◆ TO DO
Without any pictures, output the records exactly as they are.

Dataset entries:
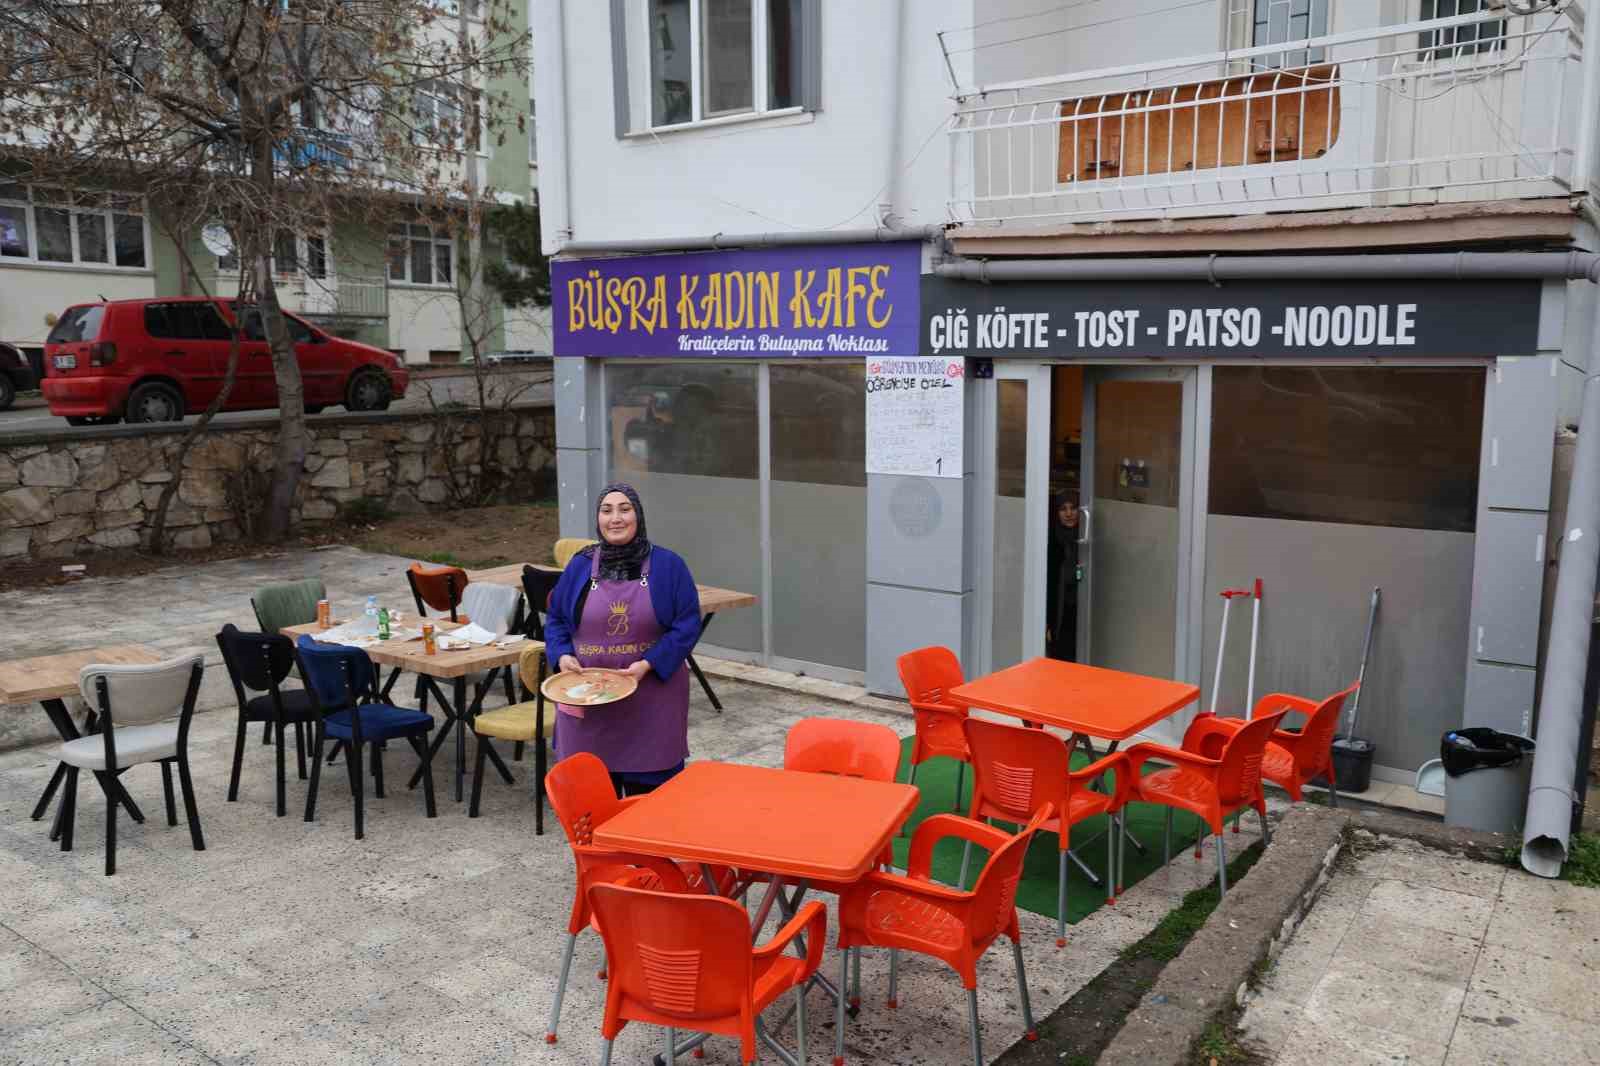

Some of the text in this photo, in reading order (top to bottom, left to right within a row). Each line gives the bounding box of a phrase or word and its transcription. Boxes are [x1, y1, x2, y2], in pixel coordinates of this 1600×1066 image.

[567, 265, 894, 335] BÜŞRA KADIN KAFE
[677, 333, 889, 356] Kraliçelerin Buluşma Noktası
[930, 308, 969, 354] ÇİĞ
[976, 306, 1049, 349] KÖFTE
[1074, 310, 1140, 347] TOST
[1167, 307, 1262, 348] PATSO
[606, 613, 630, 636] B
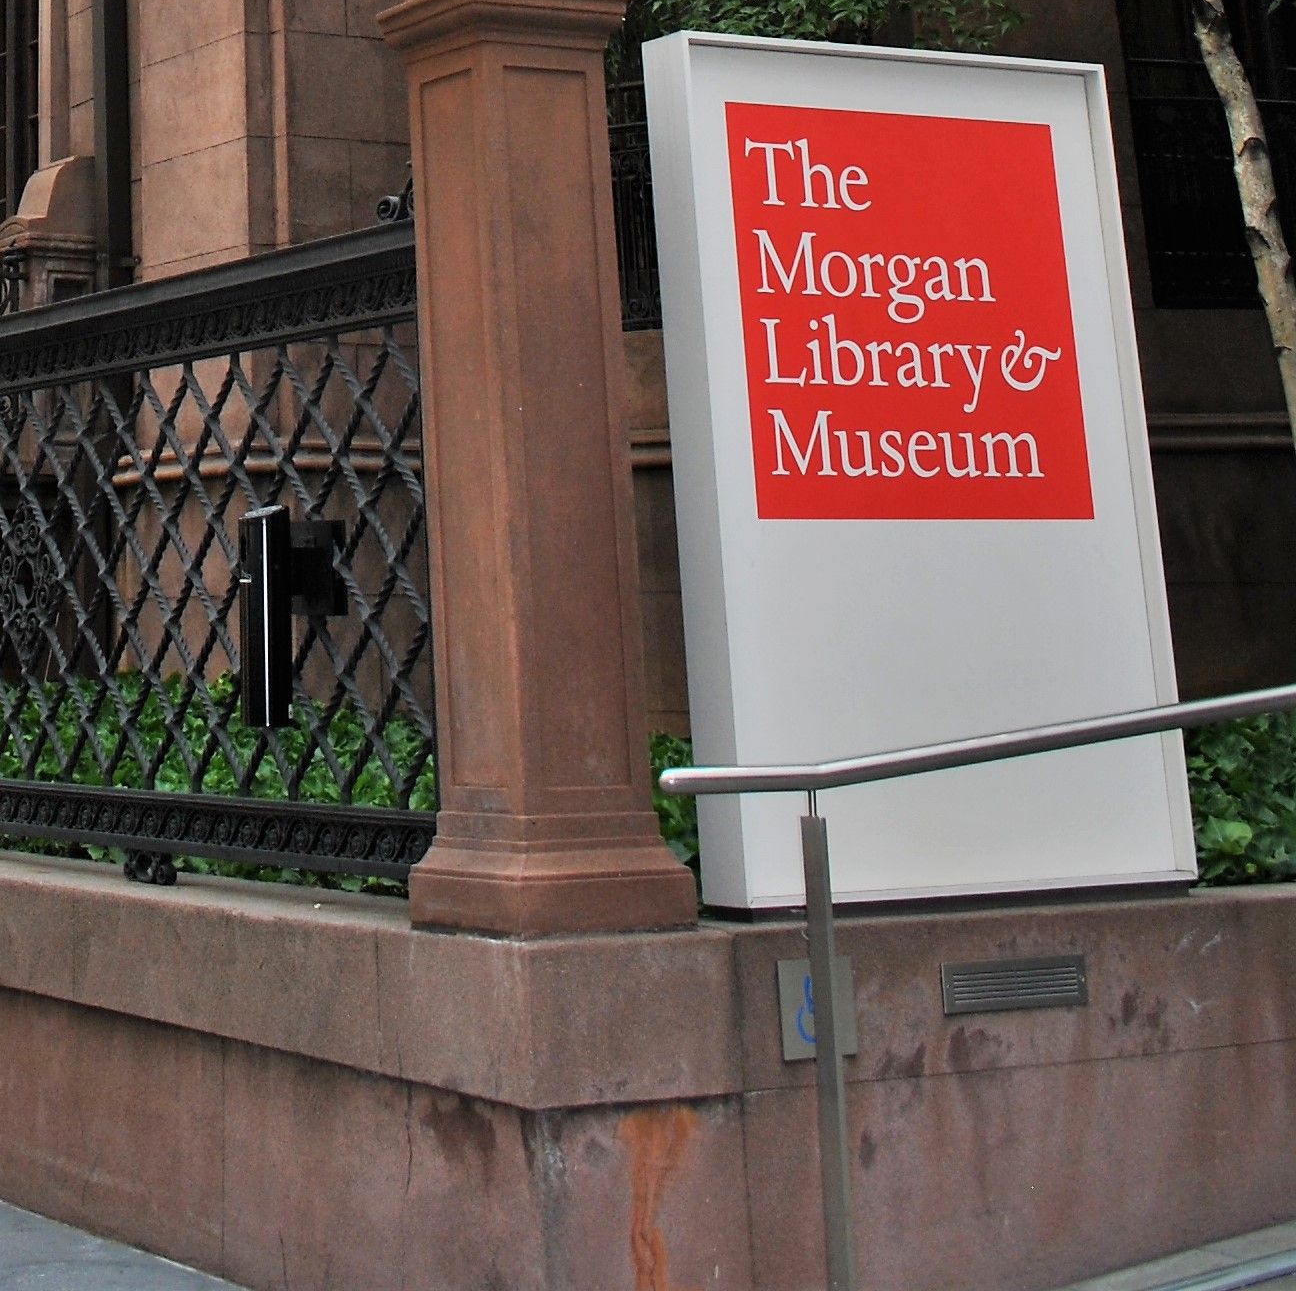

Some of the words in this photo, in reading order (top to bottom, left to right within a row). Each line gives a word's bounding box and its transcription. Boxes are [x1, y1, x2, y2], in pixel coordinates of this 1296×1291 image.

◆ OUTPUT OF THE TASK
Some of the text in this photo, in reading order (top to bottom, left to right within a row). Each line gives the bounding box of a phrase or word and its transcription. Boxes are [x1, y1, x2, y2], in pixel coordinates of this 1600×1066 image.

[567, 265, 894, 335] BÜŞRA KADIN KAFE
[677, 333, 889, 356] Kraliçelerin Buluşma Noktası
[930, 308, 969, 354] ÇİĞ
[976, 306, 1049, 349] KÖFTE
[1074, 310, 1140, 347] TOST
[1167, 307, 1262, 348] PATSO
[606, 613, 630, 636] B

Some of the words in this photo, in reading order (top to bottom, left to right within a row). Each line gives a word's bounding box and its transcription. Boxes are [x1, y1, x2, y2], in pixel coordinates of this 1296×1291 image.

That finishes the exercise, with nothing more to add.